Самым серьезным и менее всех посещаемым был ораторский факультет, о котором мне говорил С. М. Волконский. В конце зимы на нем отобралось всего тринадцать человек постоянных слушателей, среди которых я была единственной женщиной. Лекторов было тоже, если не изменяет память, не менее тринадцати. Не знаю, получали ли какую-нибудь плату наши учителя, но хорошо помню, что двум нуждавшимся студентам они выдавали стипендию из собственных средств. Для наших профессоров ораторский факультет был начинанием идейным: они пытались спасти русскую философскую мысль. Вместе с большей частью русского народа они верили, что время диктатуры большевиков для России переходное.
А самым ярким в институте человеком был Иван Александрович Ильин. Вдохновенный оратор, он сочетал оригинальность и четкость мысли со страстностью ее выражения. В курсе «Эстетика» Ильин впервые раскрыл передо мною увлекательные возможности диалектики. Если до того мир мысли светился для меня одним и тем же, то убывающим, то возрастающим светом, то теперь этот свет заиграл многими и противоположными оттенками. Среди стремительного и блестящего потока слов, острых, емких, сам Ильин, подвижный, высокий, походил на белого Мефистофеля: светлые глаза горели голубым огнем, светлые волосы отливали рыжеватым блеском. Речь его зажигала слушателей.
Вторым курсом, «Миросозерцание и характер», Ильин открывал нам выход из мрака — знакомил с анализом духовной жизни человека, вылившимся у подвижников древнего христианства в четкую систему, называемую аскетикой. Уже в те годы пятитомное собрание их творений «Добротолюбие» стало библиографической редкостью, и в поисках этих книг я отправилась однажды в Лавку писателей, помещавшуюся на углу все той же Б. Никитской улицы и Тверского бульвара. Существовала она, по-видимому, на кооперативных началах, и торговали в ней сами писатели.
Покупатели неторопливо перебирали книги, выложенные им для свободного выбора на прилавок и выставленные на полках. Два продавца, не обращая на покупателей внимания, вели между собой разговор. Один из них поразил меня своей наружностью. В лице его душевная мягкость соединялась с мыслительной напряженностью, переходящей, казалось, уже в чрезмерность, в болезненность. Казалось так потому, что время от времени лицо это прорезывал и уродливо искажал резкий нервный тик, сопровождавшийся подергиванием руки. Конвульсивное движение прерывало на какие-то секунды речь и могло бы вызвать у слушателя даже отталкивание, если бы не подкупающая мягкость и спокойствие на лице этого человека.

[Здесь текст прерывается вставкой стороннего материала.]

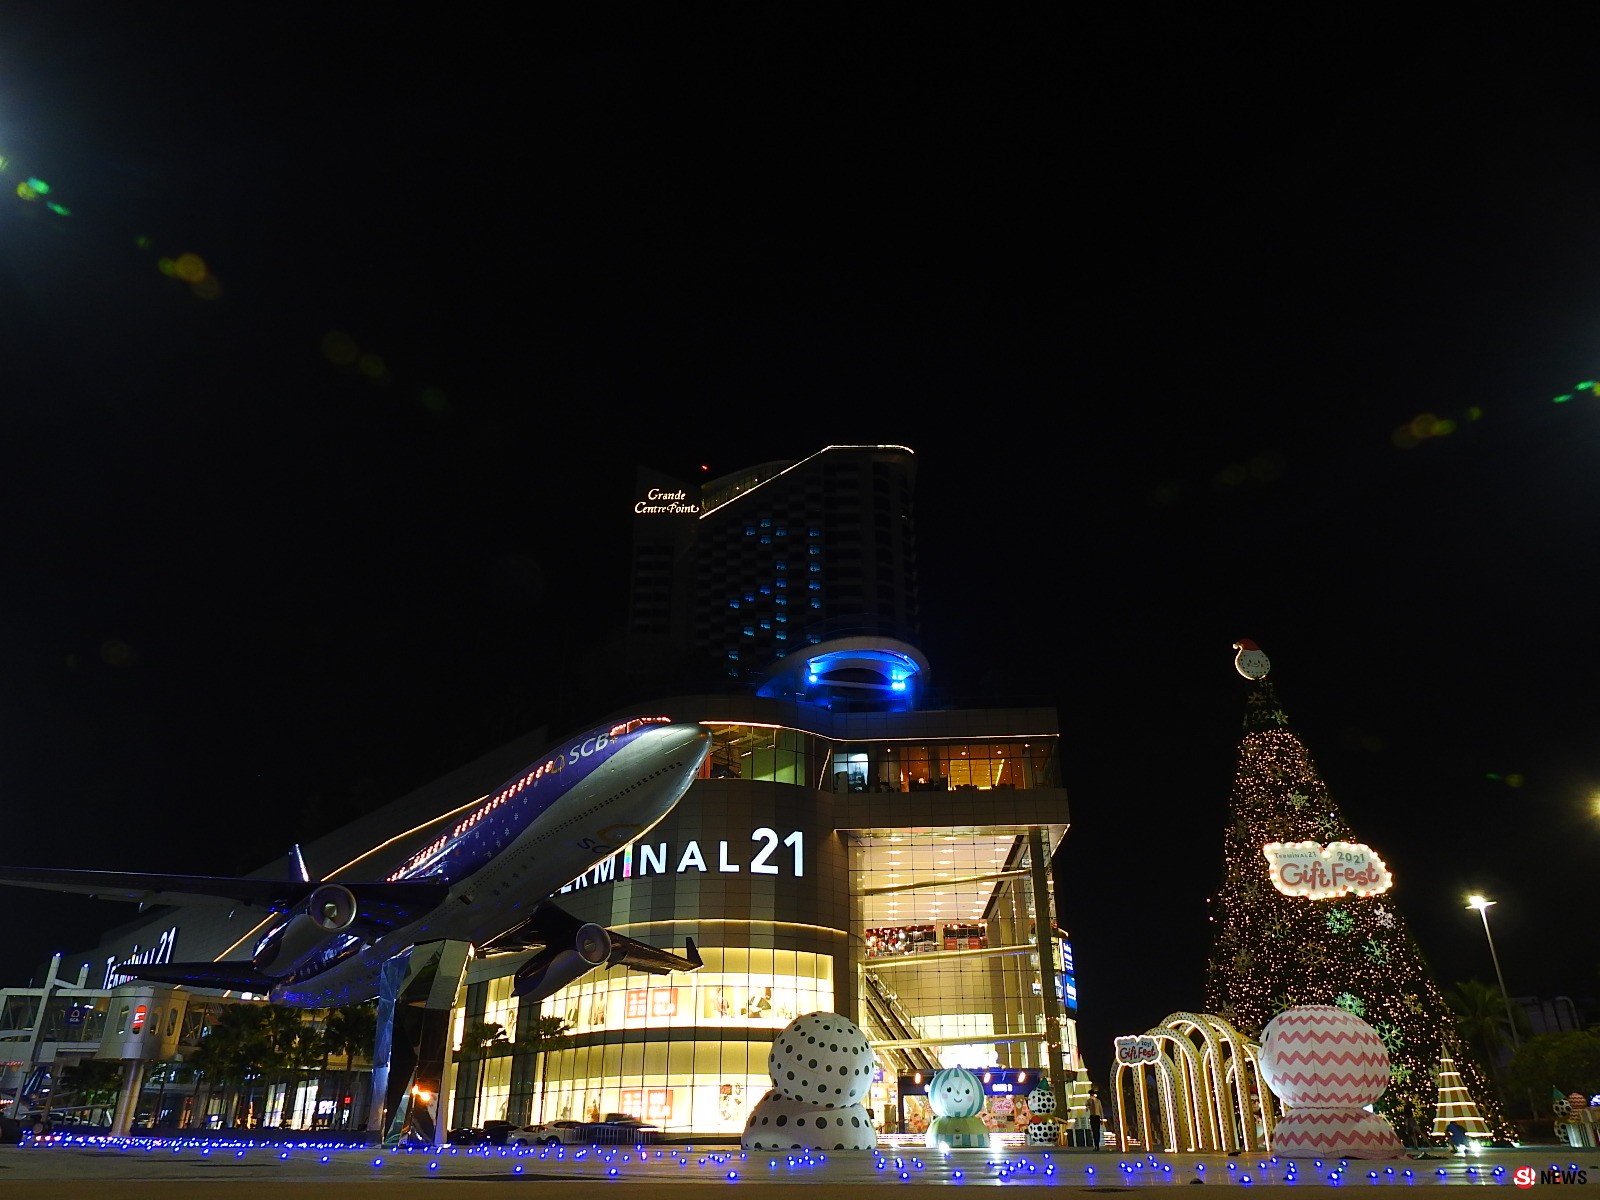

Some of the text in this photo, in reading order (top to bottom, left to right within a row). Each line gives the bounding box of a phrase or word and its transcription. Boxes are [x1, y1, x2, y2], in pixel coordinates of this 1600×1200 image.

[647, 488, 686, 500] Grande
[568, 733, 609, 765] SCB
[1337, 851, 1365, 863] 2021
[1280, 860, 1380, 889] Gift Fest
[1120, 1046, 1156, 1060] Gift Fest

Передо мной был известный уже в то время русской читающей публике, а теперь всемирно известный философ-публицист Николай Александрович Бердяев. Он был, как и Сергей Николаевич Булгаков, некогда марксистом, прошел затем длинный путь, пока, наконец, не стал идеалистом и религиозным мыслителем. Как мы убедились впоследствии, болезнь не помешала ему быть прекрасным лектором и до глубокой старости сохранить не изменявшую ему работоспособность.

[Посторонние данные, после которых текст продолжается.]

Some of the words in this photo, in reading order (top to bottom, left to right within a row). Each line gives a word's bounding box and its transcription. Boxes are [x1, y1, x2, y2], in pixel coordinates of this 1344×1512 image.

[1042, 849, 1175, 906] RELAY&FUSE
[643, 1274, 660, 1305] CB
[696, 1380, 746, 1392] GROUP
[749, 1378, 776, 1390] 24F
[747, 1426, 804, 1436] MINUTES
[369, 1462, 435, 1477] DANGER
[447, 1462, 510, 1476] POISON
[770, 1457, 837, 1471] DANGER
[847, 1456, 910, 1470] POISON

Тогда я не знала еще в лицо Бердяева. Я подождала, пока кончится спор, занимавший двух продавцов, и спросила у Бердяева, нет ли в лавке «Добротолюбия». Бердяев глубоко вгляделся в меня темными внимательными глазами, вышел из-за прилавка, стал расспрашивать, и я рассказала, почему ищу эти книги.
Бердяев нашел для меня «Добротолюбие», и мы вместе донесли все пять тяжелых томов до моего детского дома: ему было, оказывается, по дороге. Он шел на Поварскую, где в доме 52, особняке графов Олсуфьевых, уже покинутом хозяевами, он читал всем желающим и, конечно, безвозмездно свой курс философии религии. Туда пригласил он и меня.
В определенные дни в послеслужебное время по неосвещенной лестнице тянулась на верхний этаж здания молчаливая цепочка незнакомых между собой людей всех возрастов. Они усаживались вокруг длинного стола в холодном зале, посреди стола горела единственная свеча, приносимая по очереди кем-либо из нас. Слушали, некоторые записывали. Молча расходились. Так прошла зима, но ни с кем из соседей по столу я за всю зиму так и не познакомилась. Все мы встретились безымянные, в полумраке, и расстались, как тени. Теперь стерлись в памяти и лица, но слушать было захватывающе интересно.
Весной в Институте Слова начались экзамены. Ильин по своим предметам объявил особую форму испытаний: он экзаменовал каждого с глазу на глаз. Ему надо было, как я теперь понимаю, узнать, кем он в результате двух лет своих лекций обладает. Институт наш помещался в здании средней школы, работавшей по утрам. В пустом классе сидел за узкой детской партой Ильин и принимал экзаменующихся по одному человеку. Он указал мне место напротив за соседней партой, и мы очутились друг против друга, лицо в лицо.